As Paul said in II Timothy, “In the last days, perilous times will come …” The very clear image the Bible presents is not that the world will get “better and better” until finally Jesus comes to rule over us. Like Daniel’s image, it gets worse and worse, until Jesus comes to smash it all and set up His kingdom.

I believe that, all along, down through the last twenty-six centuries, if people would have simply let the words say what they say, even if they didn’t make sense at the time, they would have saved all the ridiculous interpretations which were eventually proven false. As with the rest of the Bible, we have to resist the temptation to embrace attractive positions which are “close” to the wording of the Scriptures, yet require a little “fudging” here and there. No. No fudging. It says what it says. It says exactly what it says and that is exactly what it means.

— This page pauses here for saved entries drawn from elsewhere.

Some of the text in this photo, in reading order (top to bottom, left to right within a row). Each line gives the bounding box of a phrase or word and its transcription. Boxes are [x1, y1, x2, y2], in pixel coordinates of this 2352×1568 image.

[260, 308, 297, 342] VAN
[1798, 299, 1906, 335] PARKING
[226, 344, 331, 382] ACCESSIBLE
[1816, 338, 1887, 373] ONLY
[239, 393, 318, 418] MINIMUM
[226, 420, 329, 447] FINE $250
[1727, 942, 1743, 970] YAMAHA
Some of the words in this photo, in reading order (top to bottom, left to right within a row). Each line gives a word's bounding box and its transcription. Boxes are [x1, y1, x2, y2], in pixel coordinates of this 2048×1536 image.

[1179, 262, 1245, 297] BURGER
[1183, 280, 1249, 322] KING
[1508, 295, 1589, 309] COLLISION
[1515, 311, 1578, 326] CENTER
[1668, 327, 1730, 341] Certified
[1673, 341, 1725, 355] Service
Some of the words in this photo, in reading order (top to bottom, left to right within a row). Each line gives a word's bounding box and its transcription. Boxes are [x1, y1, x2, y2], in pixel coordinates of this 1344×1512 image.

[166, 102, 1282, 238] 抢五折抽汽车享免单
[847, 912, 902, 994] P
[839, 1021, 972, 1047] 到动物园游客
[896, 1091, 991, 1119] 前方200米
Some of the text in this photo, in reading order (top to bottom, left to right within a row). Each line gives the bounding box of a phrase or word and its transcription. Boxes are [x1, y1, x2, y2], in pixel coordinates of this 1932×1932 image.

I hold great respect for the Reformed theologians of history. When it comes to Bible exegesis, the glory of God, and real Christian living, I’d rather read them than anyone else. But, for whatever reason, when it comes to prophecy, they like to conclude, “We just don’t know. We don’t know what it means. It’s all just allegories.” They just don’t know what to do with things like the “thousand years” of Rev 20. We do. It means “one thousand years” – literally.

And I feel encouraged, studying the prophecy of Daniel 2, and seeing how, in fact, literal interpretation is the only interpretation which has tracked accurately through twenty-six centuries. I am very encouraged to just keep studying the Bible, trying to understand exactly what God says – and doesn’t say – and letting it simply say what it says. I’m very aware that I occasionally say things that probably make other people’s theological hair stand on end, but I don’t care. If that is what the Bible says, that is what it says. Maybe I need to understand it better and maybe I need to understand what to do with it, but it still says what it says – whether anyone likes it or not.

Let us all remember that, in the end, the stone cut without hands smashes the kingdoms of this world – and that same Jesus and His truth will always, in the end smash all our foolish notions. He is the Way and the Truth and the Life. May He be our Truth we live by -- literally.